Au centre de mon travail, on trouve mon engagement à l’égard de l’amour radical. J’espère qu’un jour, la société n’aura plus besoin que les personnes en situation de handicap et les personnes ayant reçu des diagnostics de maladie mentale prouvent qu’elles ont de la valeur. Elles seront plutôt acceptées pour leur authenticité et ne se heurteront plus aux obstacles dressés par des recherches, des lignes directrices cliniques, des politiques et des lois discriminatoires.
Appel à l’action
Voici des gestes que nous pouvons toutes et tous poser pour que le monde soit plus inclusif :
Favorisez l’inclusion en aimant véritablement. Gérez les mesures d’adaptation et d’accessibilité en ouvrant votre cœur.
Prenez l’engagement d’apprendre de façon continue. Soyez disposée ou disposé à oublier la désinformation préjudiciable que vous avez apprise et accueillez de nouvelles vérités, même si elles sont parfois déplaisantes.
Évitez les suppositions. Reconnaissez que les diagnostics varient grandement et qu’il n’y a pas d’approche universelle pour comprendre ou aider les personnes.
Assumez votre responsabilité. Reconnaissez vos erreurs, tirez-en des leçons et engagez-vous à évoluer ensemble.
Respectez l’autonomie et la dignité des personnes ayant des diagnostics de santé mentale. Elles peuvent vivre des vies enrichissantes et apporter des contributions variées qui ont un sens dans une société qui respecte leur autonomie et leur dignité, et qui met un terme à la stigmatisation.

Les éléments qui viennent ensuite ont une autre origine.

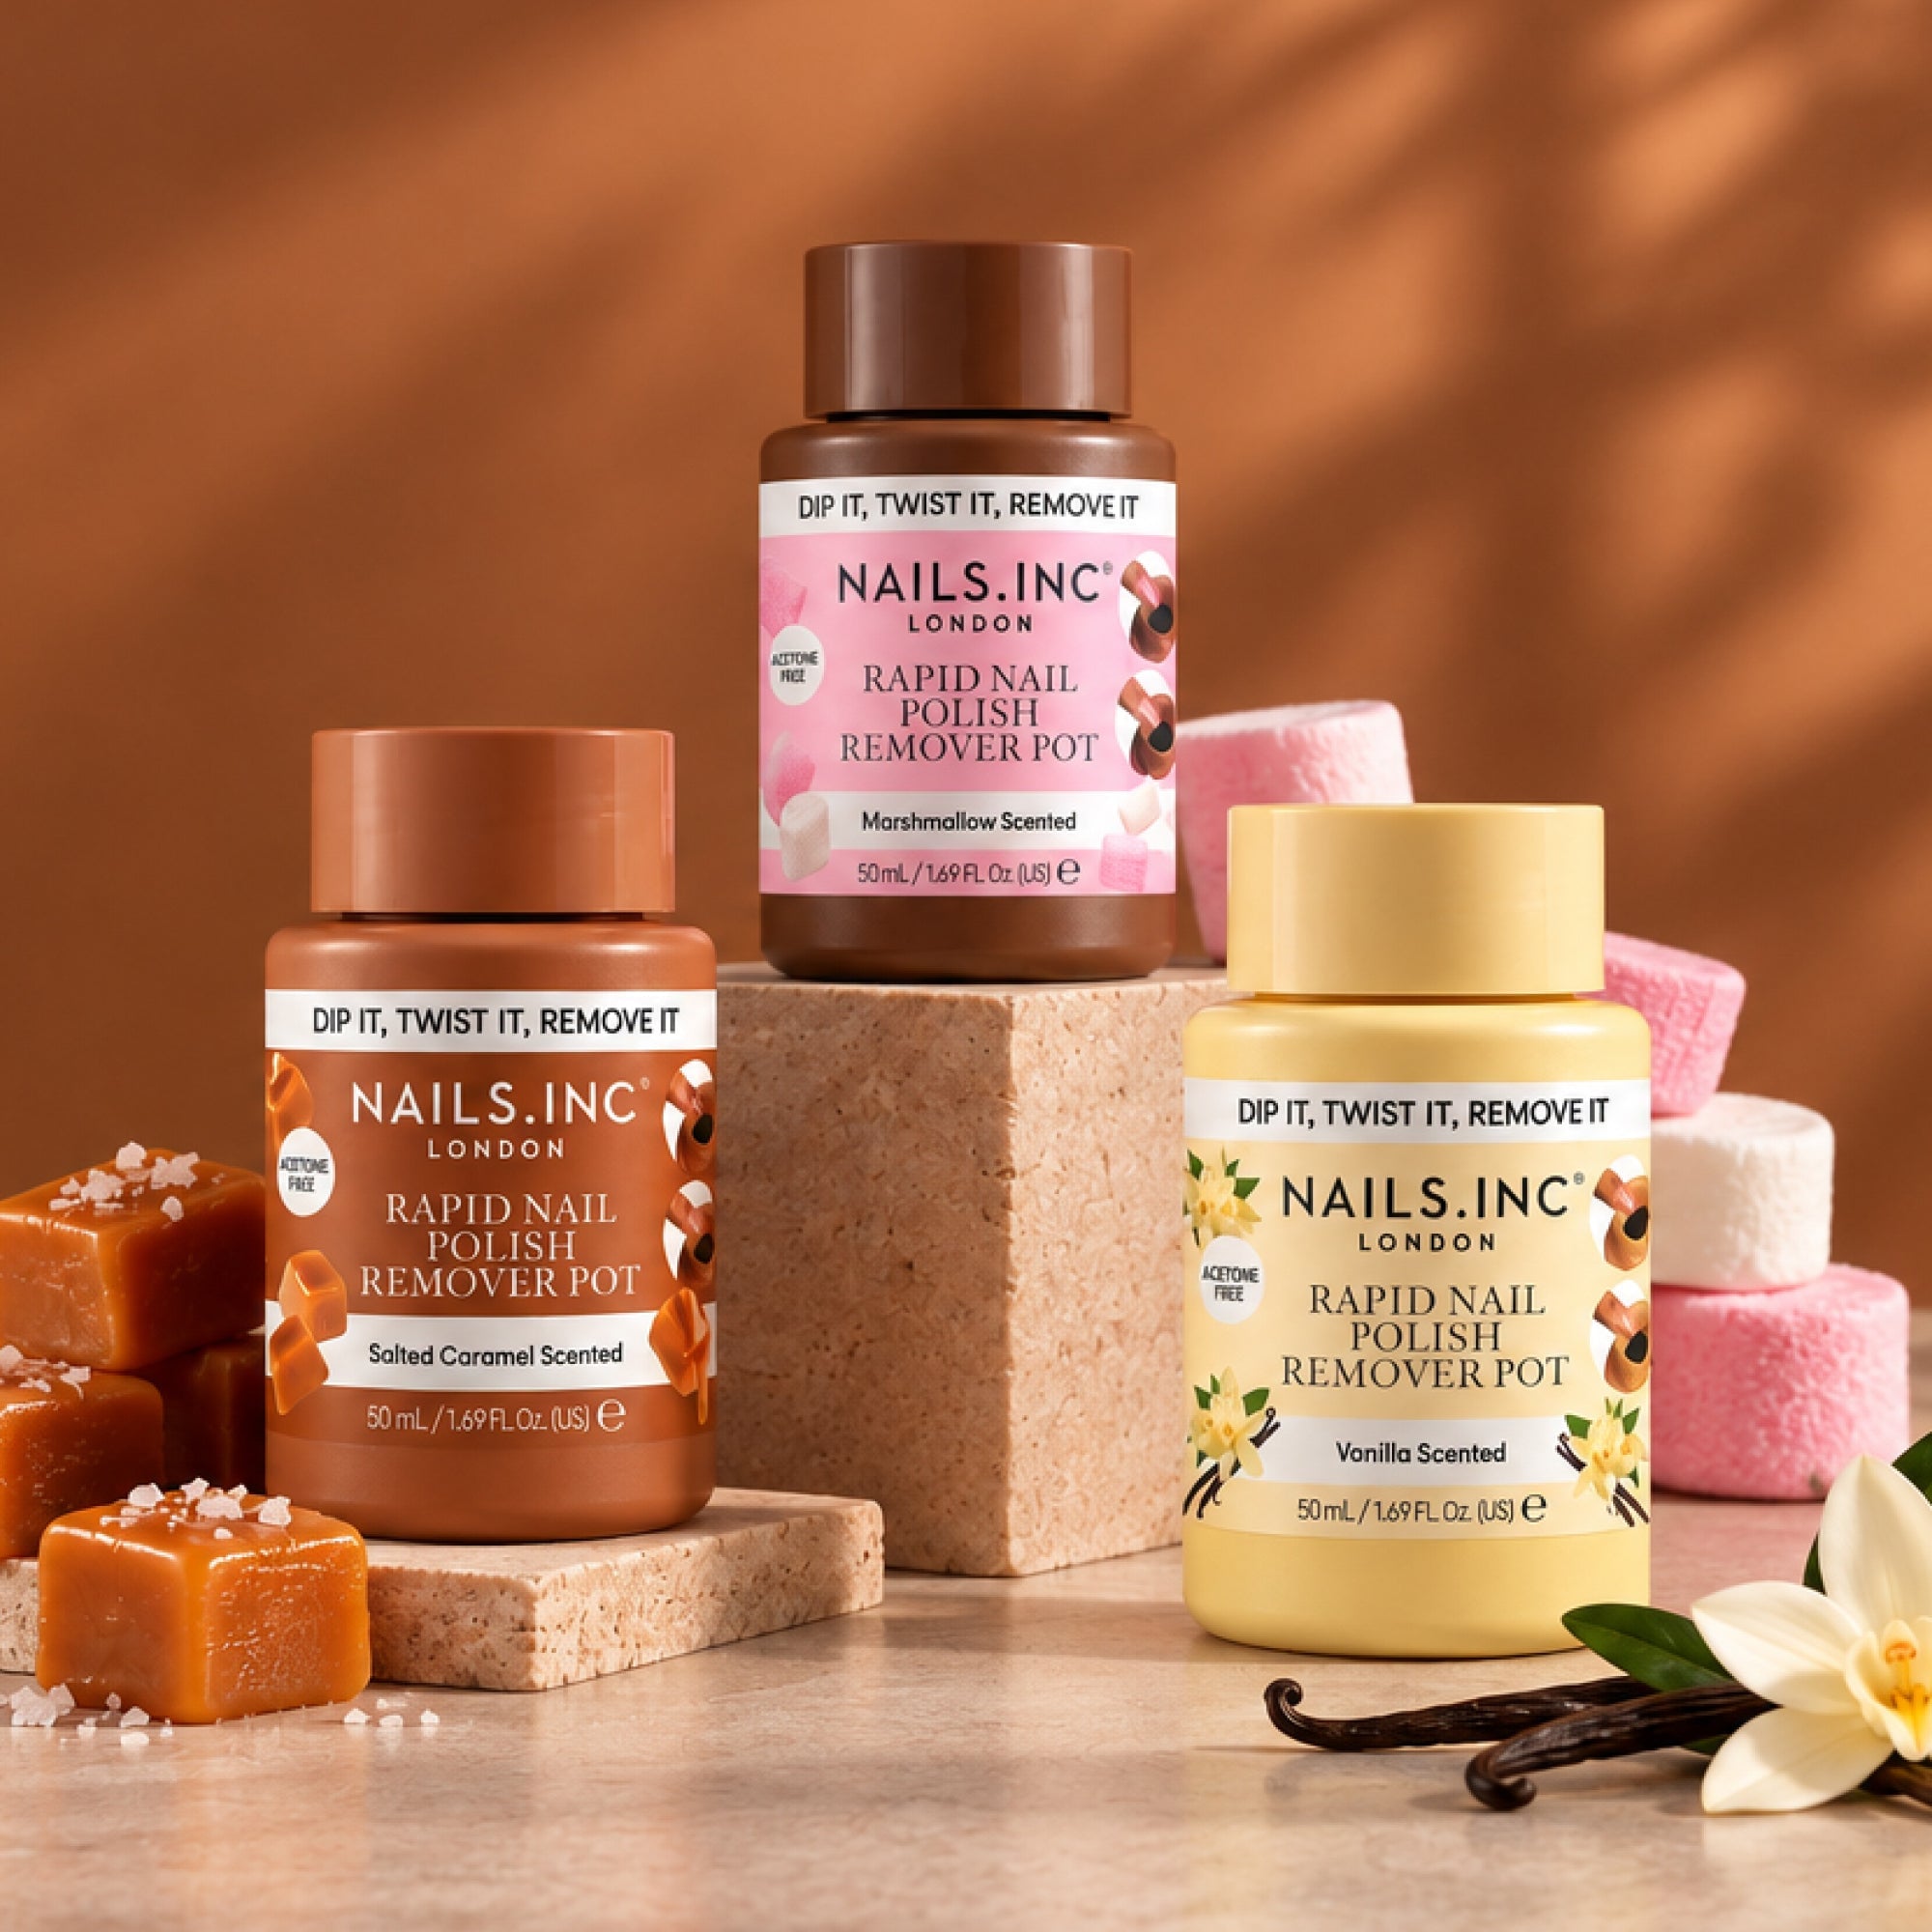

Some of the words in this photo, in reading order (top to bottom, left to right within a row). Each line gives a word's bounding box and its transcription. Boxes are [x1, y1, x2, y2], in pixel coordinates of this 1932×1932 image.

[799, 494, 835, 519] DIP
[842, 494, 868, 520] IT,
[876, 493, 961, 517] TWIST
[970, 493, 1002, 520] IT,
[1009, 494, 1114, 518] REMOVE
[1121, 495, 1139, 519] IT
[908, 614, 1033, 634] LONDON
[863, 665, 980, 693] RAPID
[991, 665, 1079, 693] NAIL
[900, 698, 1038, 727] POLISH
[840, 733, 1023, 762] REMOVER
[1033, 733, 1099, 762] POT
[862, 812, 997, 831] Marshmallow
[1000, 812, 1076, 831] Scented
[313, 1008, 351, 1035] DIP
[359, 1008, 387, 1038] IT,
[396, 1008, 488, 1035] TWIST
[498, 1008, 531, 1038] IT,
[541, 1008, 653, 1035] REMOVE
[660, 1007, 680, 1033] IT
[1238, 1098, 1279, 1125] DIP
[1287, 1098, 1315, 1130] IT,
[1322, 1100, 1415, 1125] TWIST
[1426, 1100, 1459, 1130] IT,
[1468, 1098, 1582, 1127] REMOVE
[1589, 1097, 1609, 1122] IT
[428, 1138, 564, 1159] LONDON
[385, 1193, 512, 1224] RAPID
[524, 1193, 617, 1224] NAIL
[428, 1231, 576, 1262] POLISH
[1359, 1232, 1496, 1252] LONDON
[359, 1265, 557, 1298] REMOVER
[569, 1264, 640, 1296] POT
[1310, 1284, 1435, 1316] RAPID
[1449, 1284, 1546, 1316] NAIL
[1351, 1322, 1500, 1352] POLISH
[369, 1343, 434, 1367] Salted
[440, 1343, 535, 1367] Caramel
[541, 1342, 624, 1366] Scented
[1281, 1356, 1483, 1388] REMOVER
[1495, 1356, 1570, 1386] POT
[1336, 1442, 1412, 1463] Vanilla
[1417, 1442, 1507, 1463] Scented

Défendez les pratiques antidiscriminatoires. Élaborez des travaux de recherche, des politiques et des lignes directrices cliniques qui placent en leur centre la voix des personnes ayant de l’expérience vécue et qui font activement participer ces personnes.
Je vous invite à réfléchir à la façon dont vous pouvez contribuer à la création d’un monde où l’inclusion, l’équité et l’amour radical ne sont pas des idéaux, mais bien des pratiques quotidiennes. Ensemble, nous pouvons réinventer une société où tout le monde peut vivre de manière authentique et apporter des contributions qui ont un sens.